What the task requires: Give the data again exactly as written, without any of its pictures.

Source material:
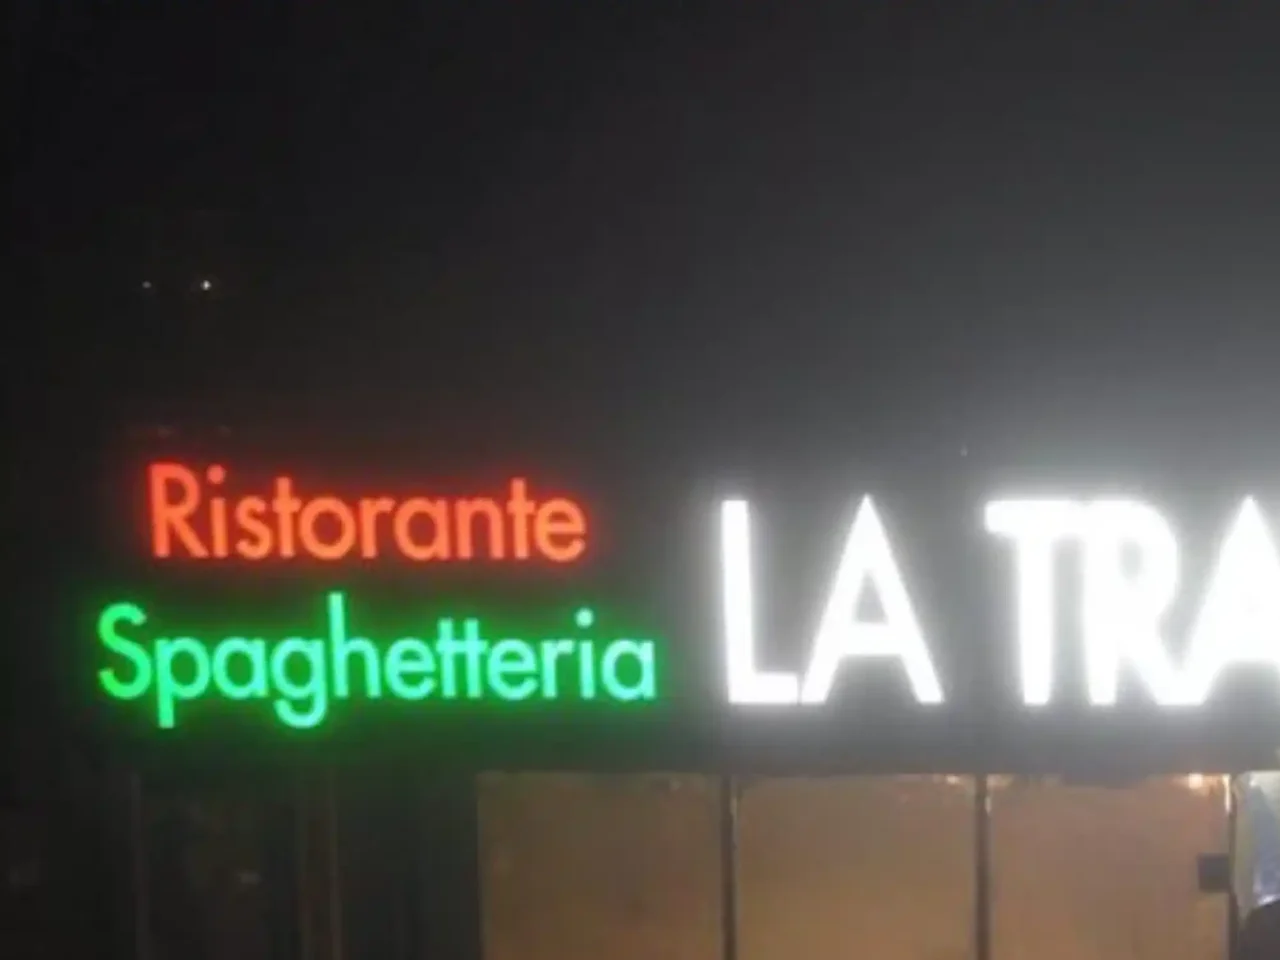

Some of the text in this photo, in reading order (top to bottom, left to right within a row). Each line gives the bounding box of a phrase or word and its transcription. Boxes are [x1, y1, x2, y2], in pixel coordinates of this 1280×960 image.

[149, 463, 588, 561] Ristorante
[99, 592, 657, 728] Spaghetteria
[718, 496, 944, 705] LA
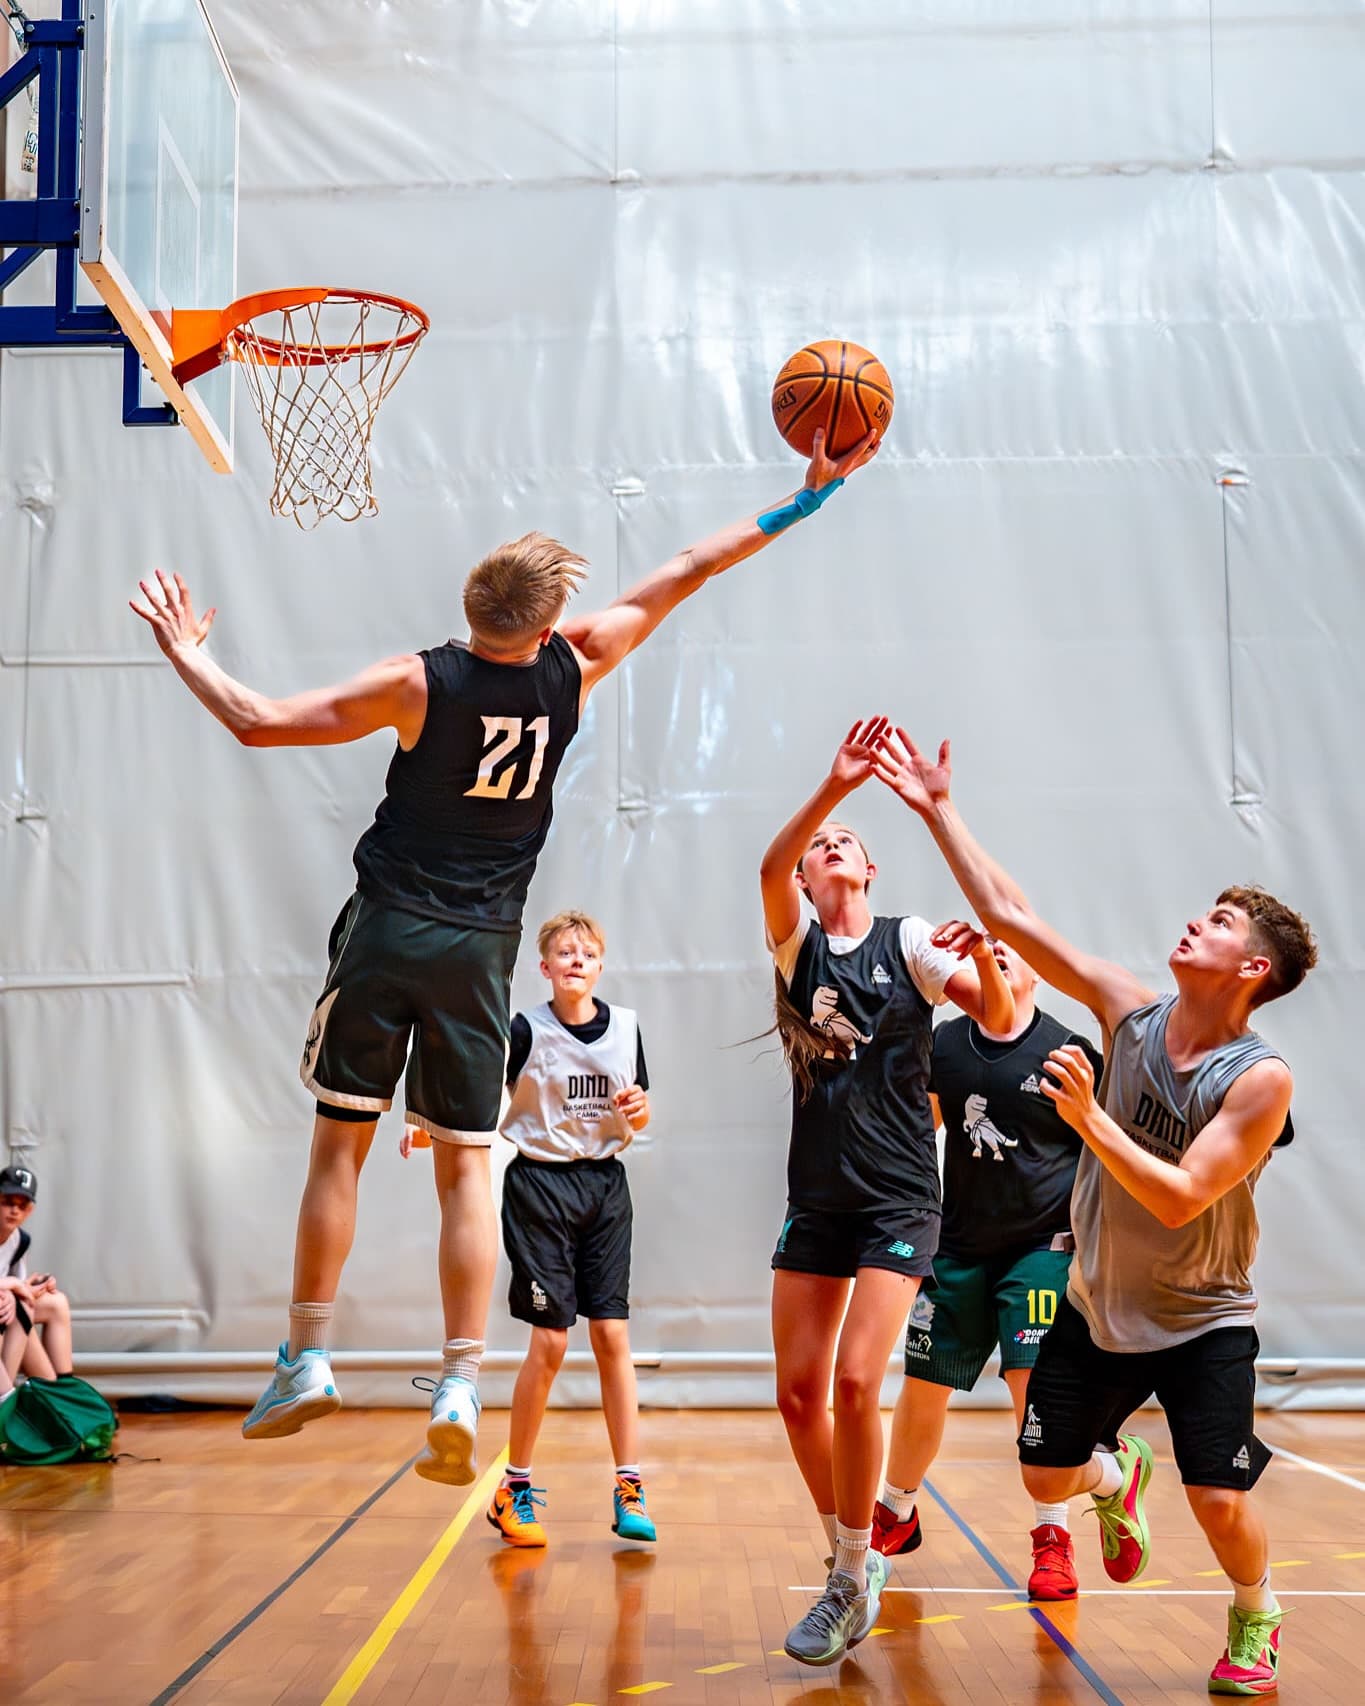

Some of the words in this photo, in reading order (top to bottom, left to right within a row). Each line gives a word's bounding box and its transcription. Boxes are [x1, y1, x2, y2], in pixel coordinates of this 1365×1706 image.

[463, 715, 550, 800] 21
[567, 1074, 609, 1099] DINO
[563, 1102, 612, 1112] BASKETBALL
[1132, 1091, 1186, 1151] DINO
[1027, 1289, 1057, 1325] 10

Exercise solution:
Some of the text in this photo, in reading order (top to bottom, left to right within a row). Each line gives the bounding box of a phrase or word and its transcription. Boxes are [x1, y1, x2, y2], in pixel coordinates of this 1280×960 image.

[149, 463, 588, 561] Ristorante
[99, 592, 657, 728] Spaghetteria
[718, 496, 944, 705] LA

Some of the words in this photo, in reading order (top to bottom, left to right within a row). Each line gives a word's bounding box and its transcription. Boxes are [x1, y1, x2, y2], in pixel coordinates of this 1365×1706 image.

[463, 715, 550, 800] 21
[567, 1074, 609, 1099] DINO
[563, 1102, 612, 1112] BASKETBALL
[1132, 1091, 1186, 1151] DINO
[1027, 1289, 1057, 1325] 10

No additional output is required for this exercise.